The world was filled with revulsion when a Taliban shooter tried to assassinate 15-year-old Malala Yousafzai last Oct. 9 in Pakistan. How cowardly to shoot up a rickety school bus filled with girls determined to get an education! Outraged Pakistanis took to the streets with signs and shouts of “Shame on you, Taliban!”
Soon after, Malala was called a heroine by Pakistan’s Interior Minister — he who oversees the notorious intelligence service (ISI) that largely controls the Taliban. Gordon Brown, ex-Prime Minister of Great Britain, wept copious tears — he of the first imperialist power to run over Pakistan. And U.S. Secretary of State Hilary Clinton tut-tutted against “extremists who don’t want girls to have an education” — she whose ruling class will help exploit the shooting to justify more U.S. military bombing. The Taliban defended their bloody act, saying Malala’s fight for education makes her a “tool of imperialism.”
Who to believe in this spiraling war of propaganda and bullets, drone attacks and assassinations? Malala herself is an open critic of them all — her government, U.S. imperialism, and the Taliban.
As I see it, they’re all in cahoots. The workers and peasants of Pakistan are perfectly capable of dealing with their Taliban. Only a small fraction of the population actually supports these religious fascists. But taking them on will remain daunting as long as the people remain under siege by U.S. drone missiles and Pakistan’s other major predators. Imperialist banks that impoverish the people through austerity and privatization. A corrupt government of wealthy generals, politicians, and landlords — mostly obscenely rich mullahs. And of course the vicious Taliban, transforming hungry and desperate teenage boys into school-bus assassins and suicide bombers through its abusive madrassa schools.
To me, the shooting was not just a murderous assault on a courageous schoolgirl. It was also a grisly product of the U.S. “war on terror,” and a stark exposé of America’s sickening hypocrisy on democracy and women’s rights and world peace.

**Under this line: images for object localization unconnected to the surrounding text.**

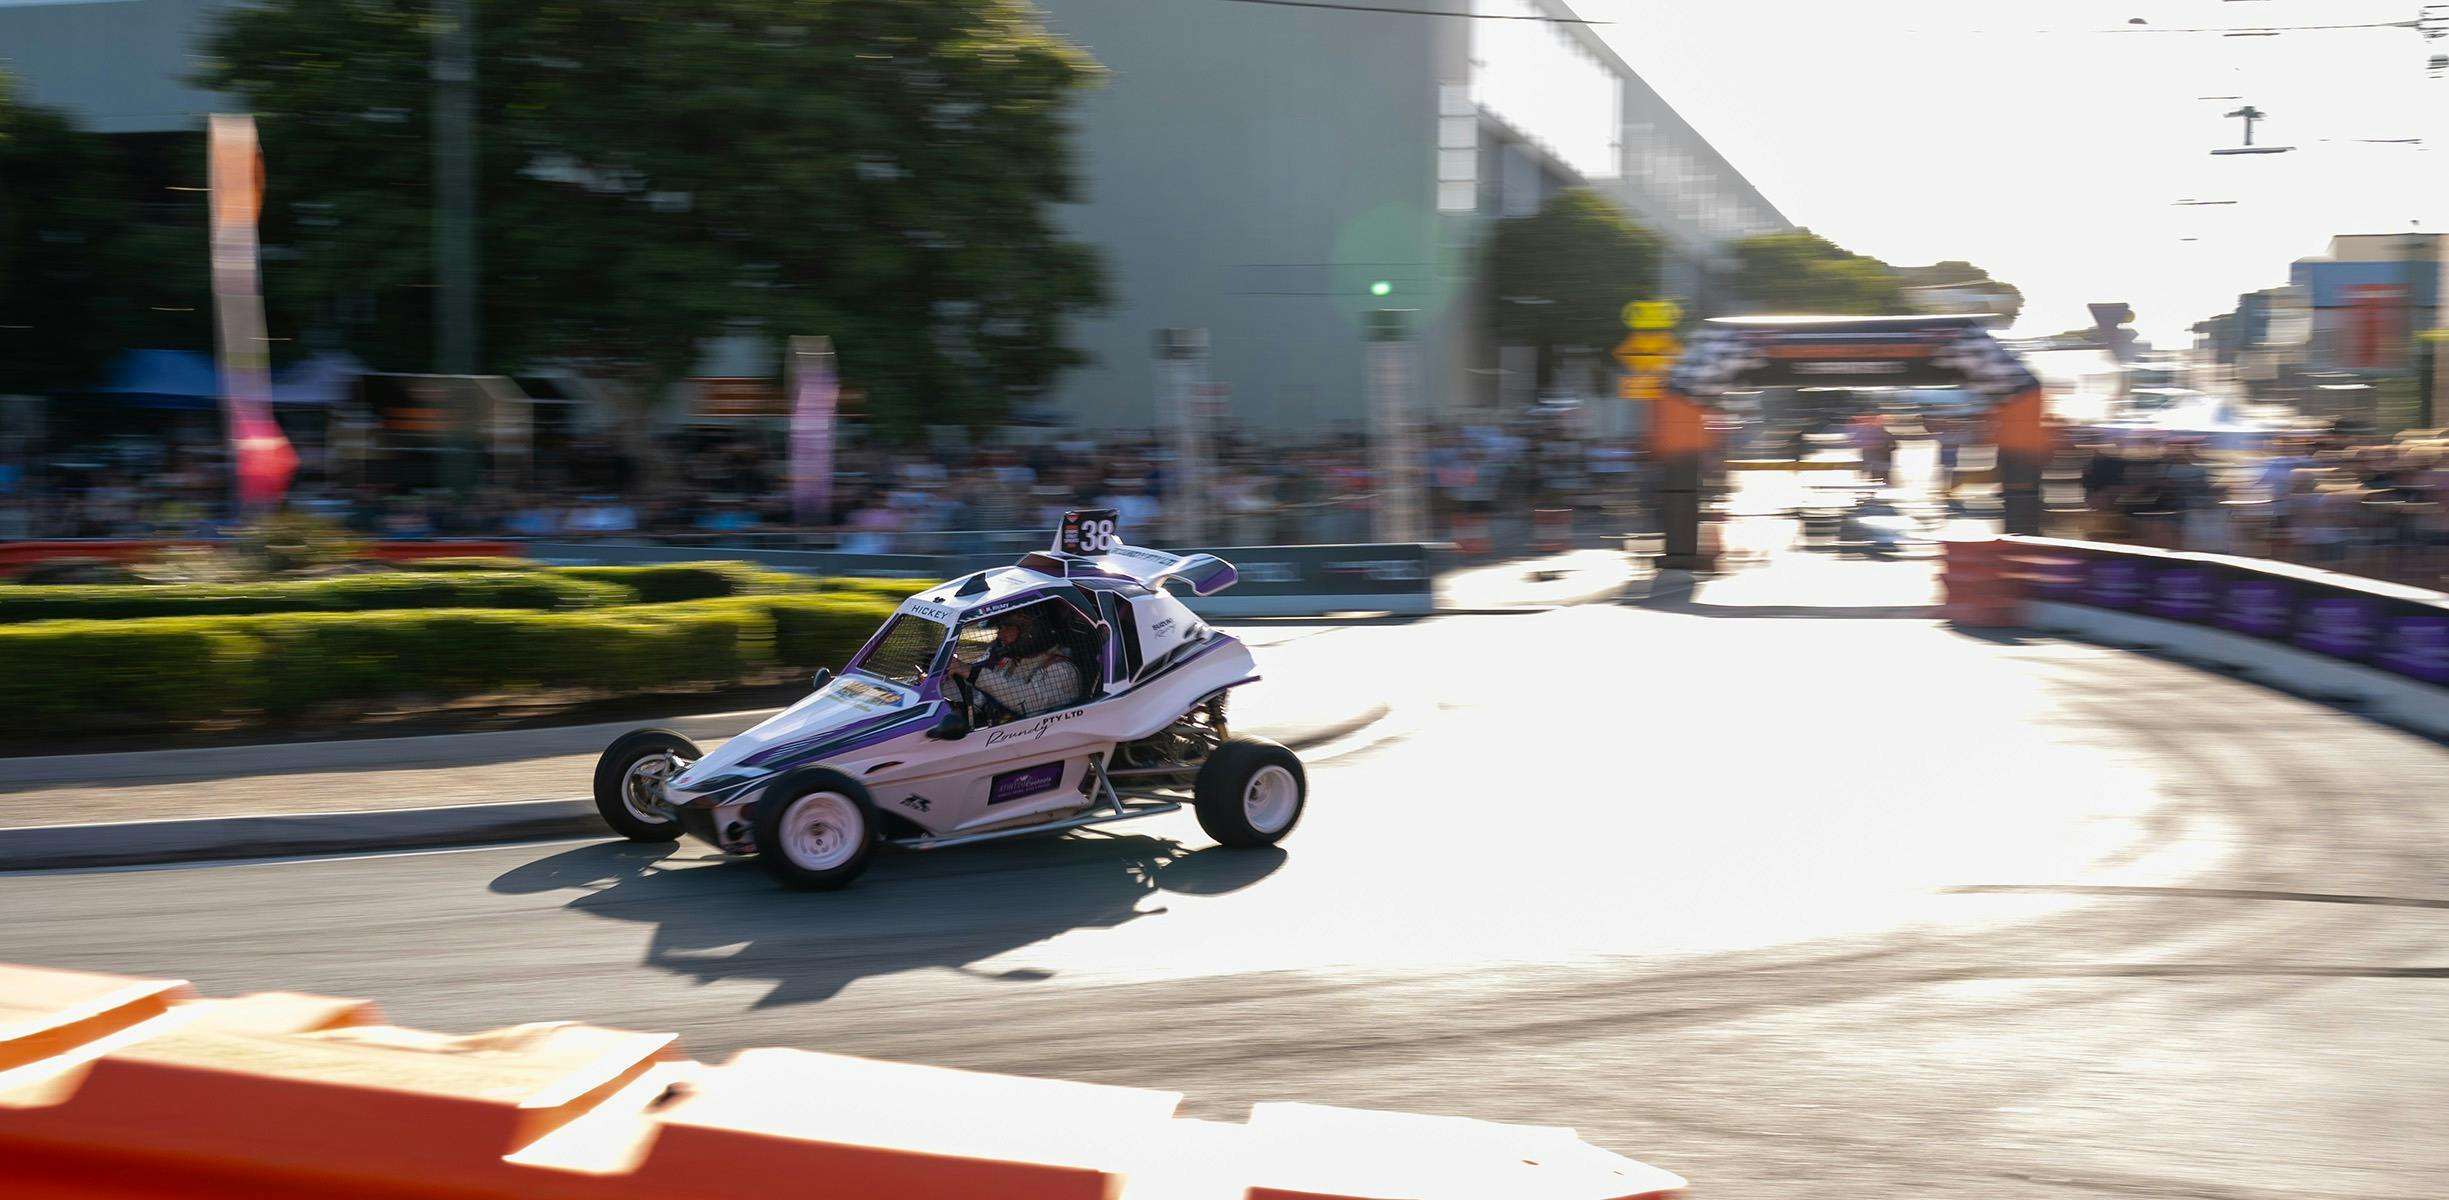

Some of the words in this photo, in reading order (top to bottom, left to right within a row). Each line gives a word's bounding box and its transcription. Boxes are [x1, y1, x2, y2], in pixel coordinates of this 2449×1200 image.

[1081, 519, 1114, 552] 38
[911, 604, 949, 620] HICKEY
[1043, 715, 1062, 726] PTY
[1064, 709, 1084, 720] LTD
[985, 721, 1050, 748] Roundy

Take the subject of war and peace. In a victory speech on Nov. 6, Obama intoned, “We want to pass on [to our children] a country … that is defended by the strongest military on Earth … but also a country that moves with confidence beyond this time of war to shape a peace that is built on the promise of freedom and dignity for every human being.”

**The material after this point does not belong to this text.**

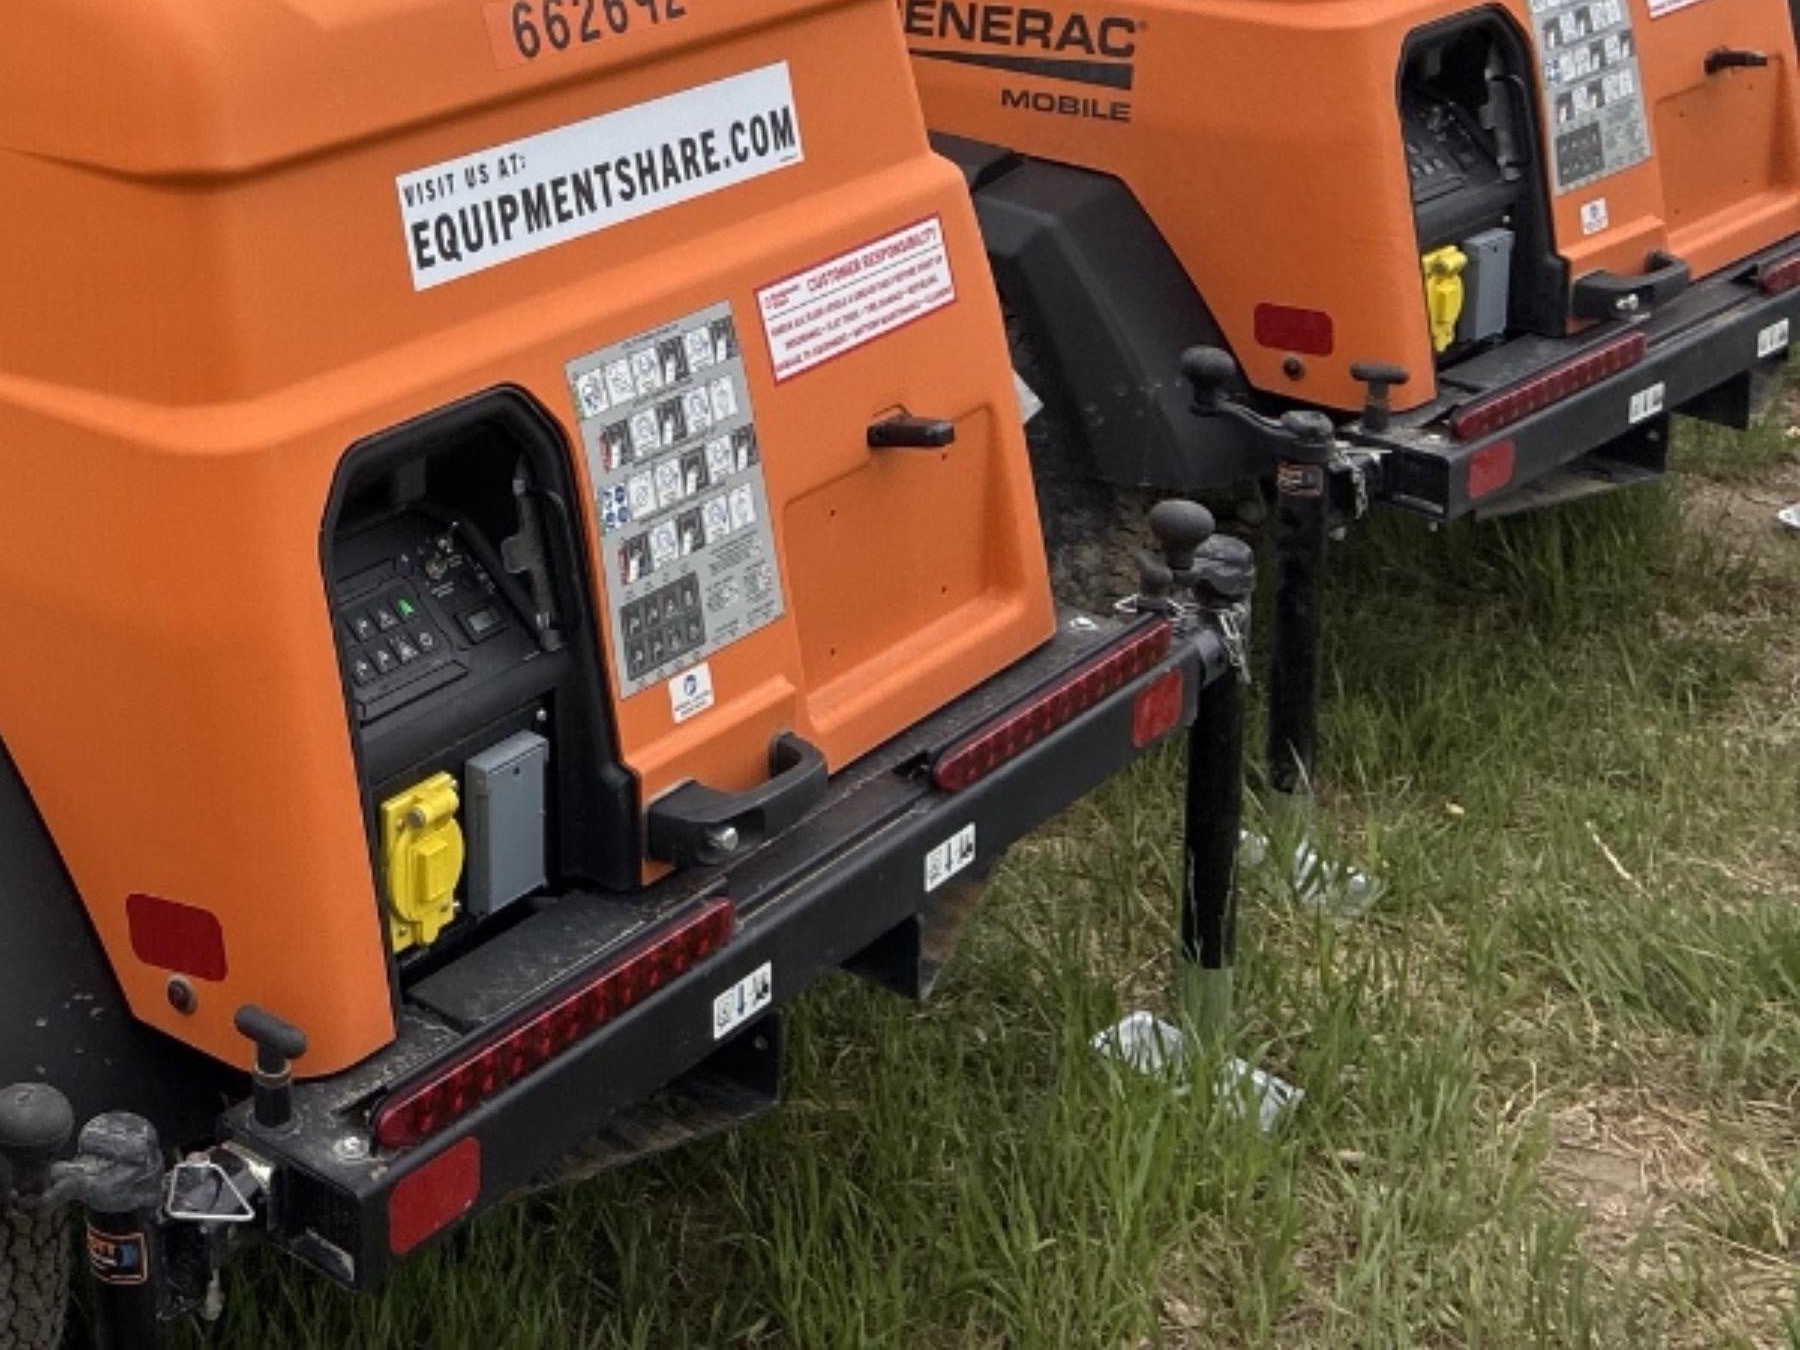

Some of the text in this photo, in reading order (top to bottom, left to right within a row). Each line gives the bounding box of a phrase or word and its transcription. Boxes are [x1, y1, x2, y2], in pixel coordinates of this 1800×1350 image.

[1001, 89, 1131, 122] MOBILE
[404, 152, 527, 208] VISIT US AT:
[411, 106, 797, 272] EQUIPMENTSHARE.COM

Something for hawks and doves, you notice. Hours later, a U.S. drone assassinated three alleged terrorists in Yemen, the handiwork of computer pilots safely seated in Nevada.
Yes, the leaders of Yemen, like Pakistan and Somalia, are all now hosting undeclared wars by the U.S. with its deadly Predator drones. The kill list of “terrorists” is put together by national security personnel, and signed off personally by the president — he who was awarded the Nobel Peace Prize. Palestinian poet Remi Kanazi puts it well: “My name is Barack Obama and I approve this bombing.”

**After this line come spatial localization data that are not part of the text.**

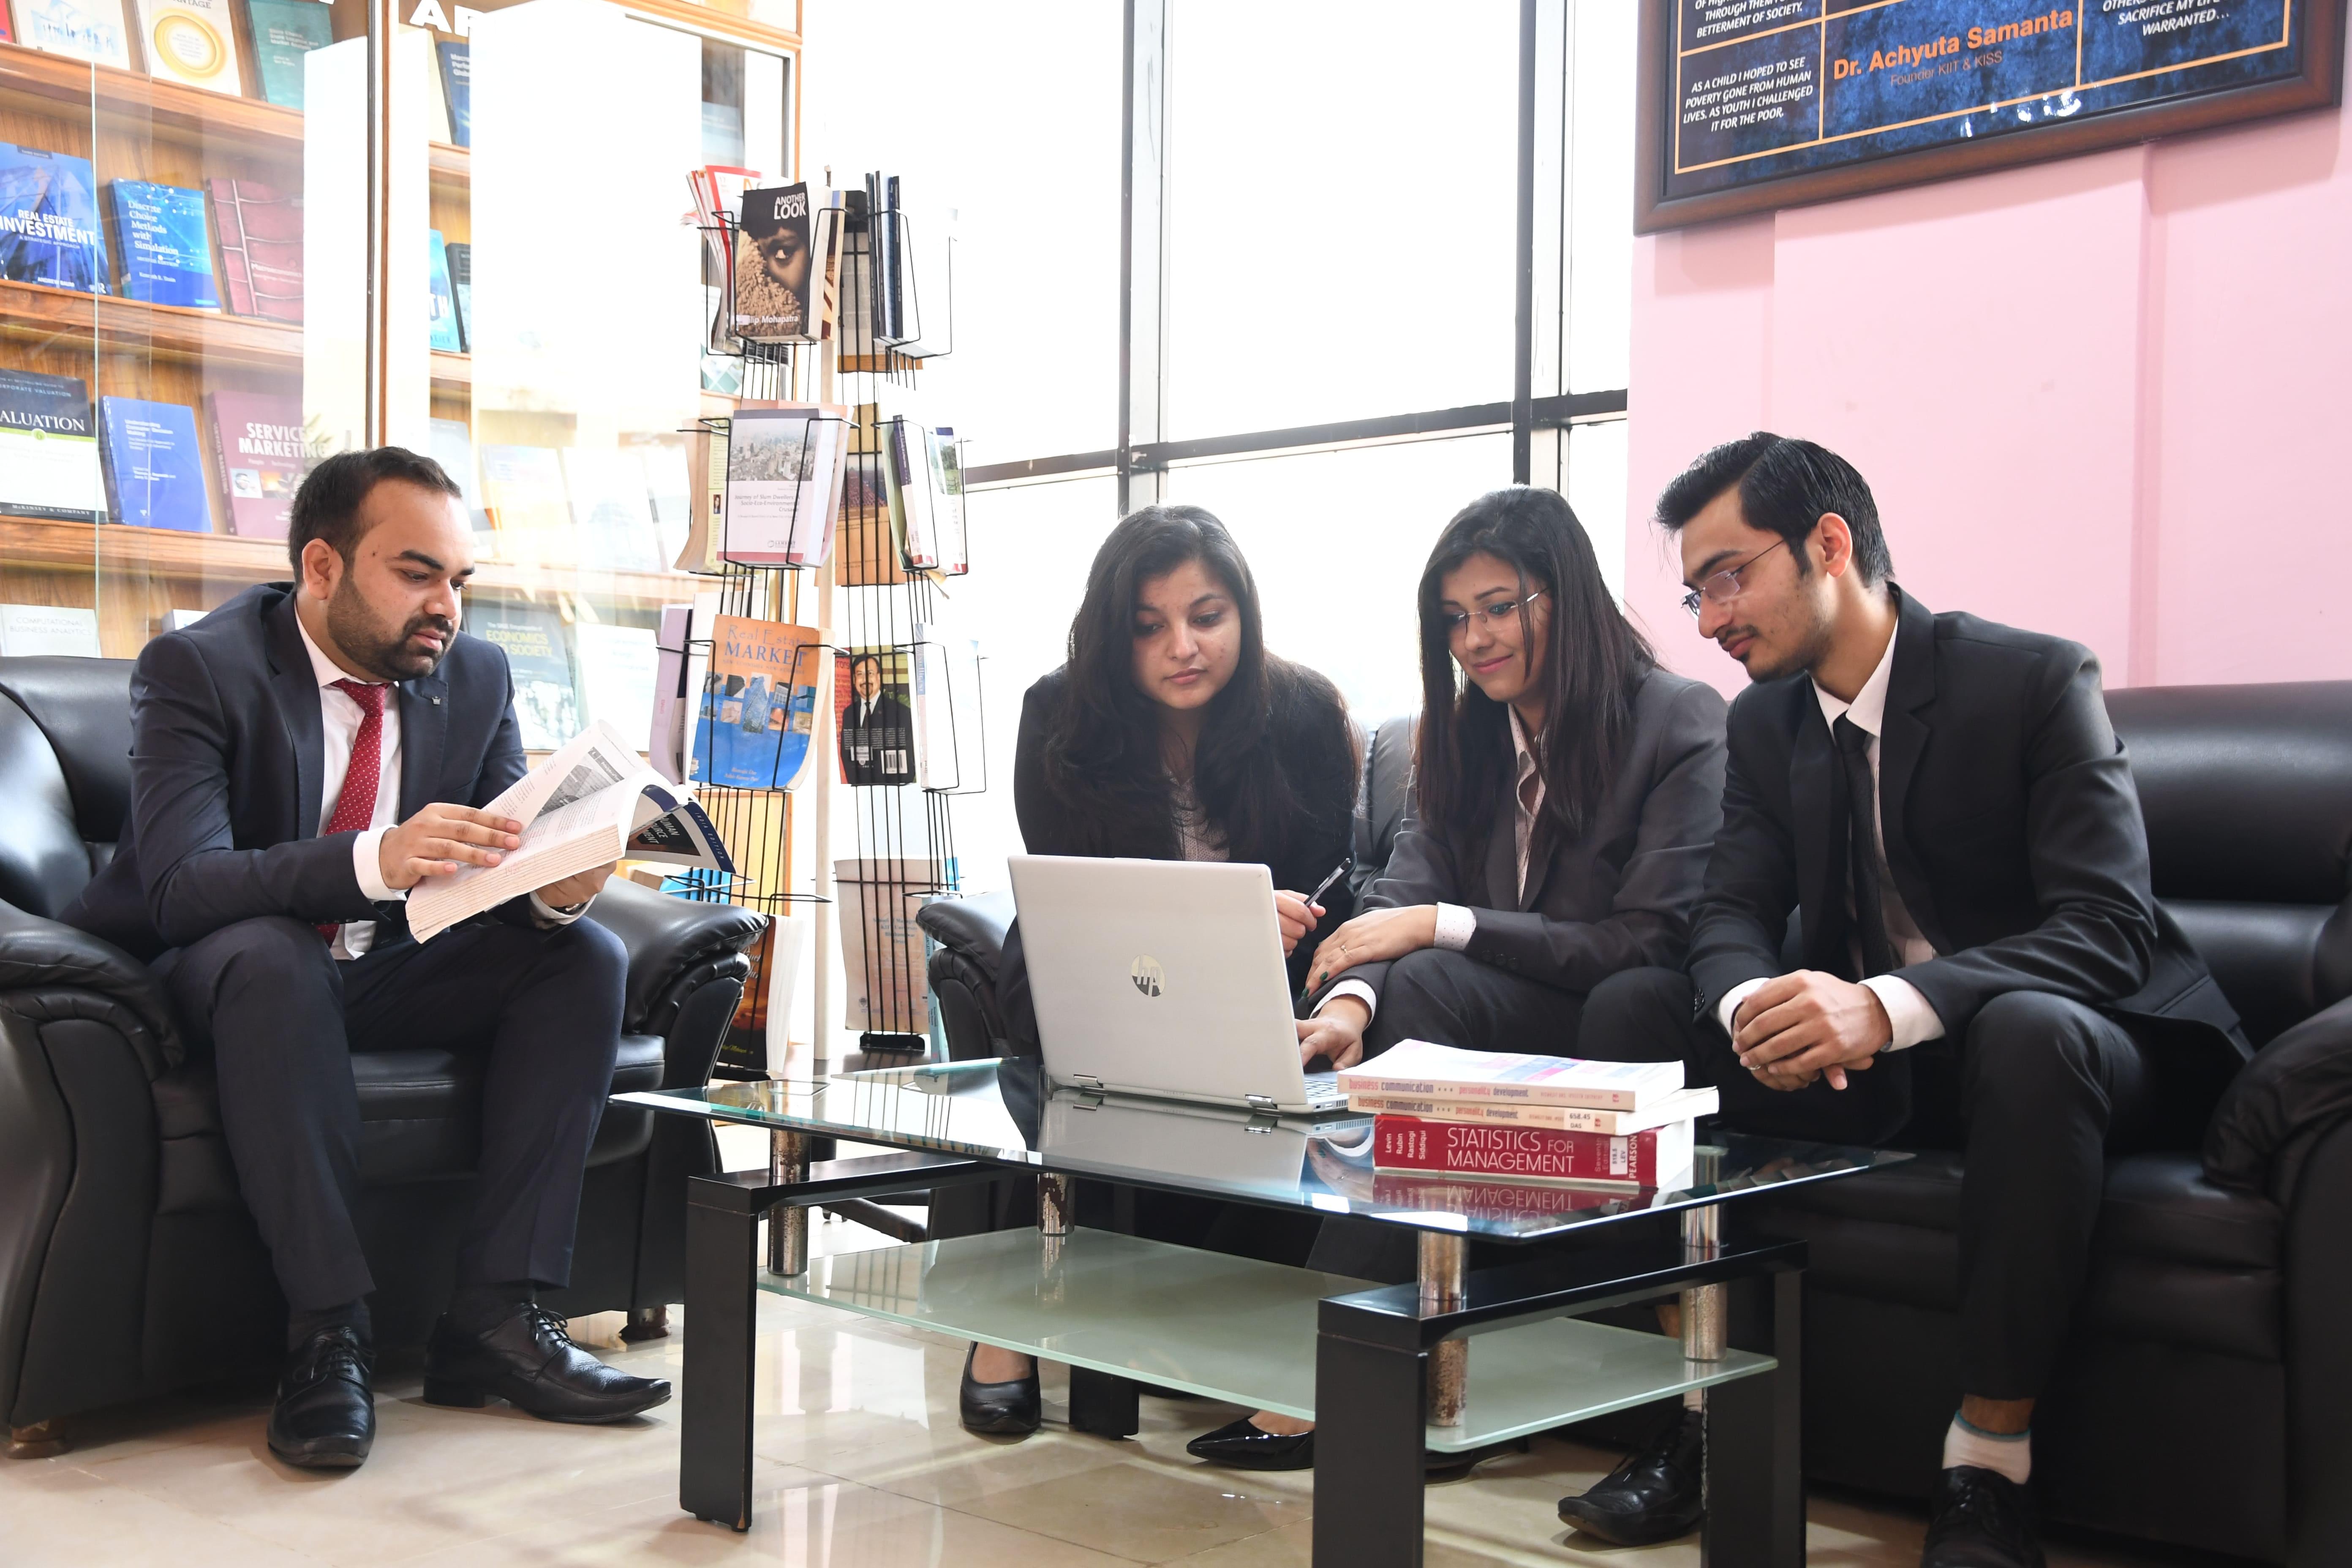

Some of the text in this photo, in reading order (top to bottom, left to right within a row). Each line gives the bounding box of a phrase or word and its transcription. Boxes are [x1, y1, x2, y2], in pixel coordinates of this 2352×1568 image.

[1696, 1, 1802, 38] BETTERMENT OF SOCIETY.
[1705, 2, 1746, 22] THROUGH
[2118, 0, 2192, 25] SACRIFICE MY
[2142, 8, 2230, 36] WARRANTED...
[1834, 9, 2073, 80] Dr. Achyuta Samanta
[1691, 56, 1806, 93] AS A CHILD I HOPED TO SEE
[1891, 50, 2003, 86] Founder KIIT & KISS
[1685, 70, 1811, 109] POVERTY GONE FROM HUMAN
[1683, 85, 1813, 124] LIVES. AS YOUTH I CHALLENGED
[1711, 106, 1784, 132] IT FOR THE POOR.
[128, 200, 162, 214] Discrete
[774, 201, 806, 220] LOOK
[775, 192, 805, 205] ANOTHER
[18, 209, 74, 228] REAL ESTATE
[129, 210, 158, 223] Choice
[131, 220, 167, 234] Methods
[0, 215, 95, 246] INVESTMENT
[134, 241, 178, 255] Simulation
[761, 315, 798, 325] Mohapatra
[0, 409, 85, 432] ALUATION
[238, 437, 329, 459] MARKETING
[486, 629, 548, 645] ECONOMICS
[728, 625, 758, 640] Real
[510, 643, 553, 656] SOCIETY
[725, 641, 808, 666] MARKET
[694, 812, 725, 859] INDIA EDITION
[1134, 954, 1163, 997] hp
[1349, 1078, 1378, 1091] business
[1381, 1081, 1434, 1093] communication
[1459, 1086, 1490, 1096] personality
[1358, 1097, 1384, 1109] business
[1386, 1100, 1433, 1113] communication
[1456, 1106, 1484, 1117] personality
[1407, 1131, 1416, 1158] Rastogi
[1418, 1130, 1426, 1160] Siddiqui
[1448, 1127, 1574, 1153] STATISTICS FOR
[1448, 1149, 1574, 1173] MANAGEMENT
[1628, 1135, 1638, 1179] PEARSON

Who knows how many die from these attacks, since they are carried out secretly by the CIA. And civilian casualties are falsely minimized by counting every male of military age an enemy combatant. I guess “Kill-them-all” is the policy at hand. Hundreds of non-combatants have died, including a good many little girls and boys.
Obviously, this didn’t just start with Obama. Pakistan, the sixth most populous country in the world and territorially home to several ancient cultures, was artificially created in 1947 by the British Empire. From the beginning, the country has been dominated by a right-wing military, backed first by Great Britain and then the United States.
Since the 1980s war in Afghanistan against the Soviet Union, Pakistan’s state apparatus has been mixed up with the Islamic fundamentalists in both countries. In fact, the Taliban was nurtured and funded by the United States in Afghanistan. So much for the myth that the U.S. brings secular democracy and women’s equality to the Middle East.
Only the people themselves can do that, and they are trying desperately. Before she was attacked, Malala said, “If the new generation is not given pens, they will be given guns by the terrorists. We must raise our voice.”
Forty-four years ago (1968) Pakistanis, with women in the forefront, launched a stunning revolution. They forced a dictator to abdicate and ran society for 139 days. Workers occupied factories, peasants seized land, and students took over the schools and colleges. This can happen again and I have no doubt that Malala Yousafzai, and other determined young women and men like her, will be a part of that struggle.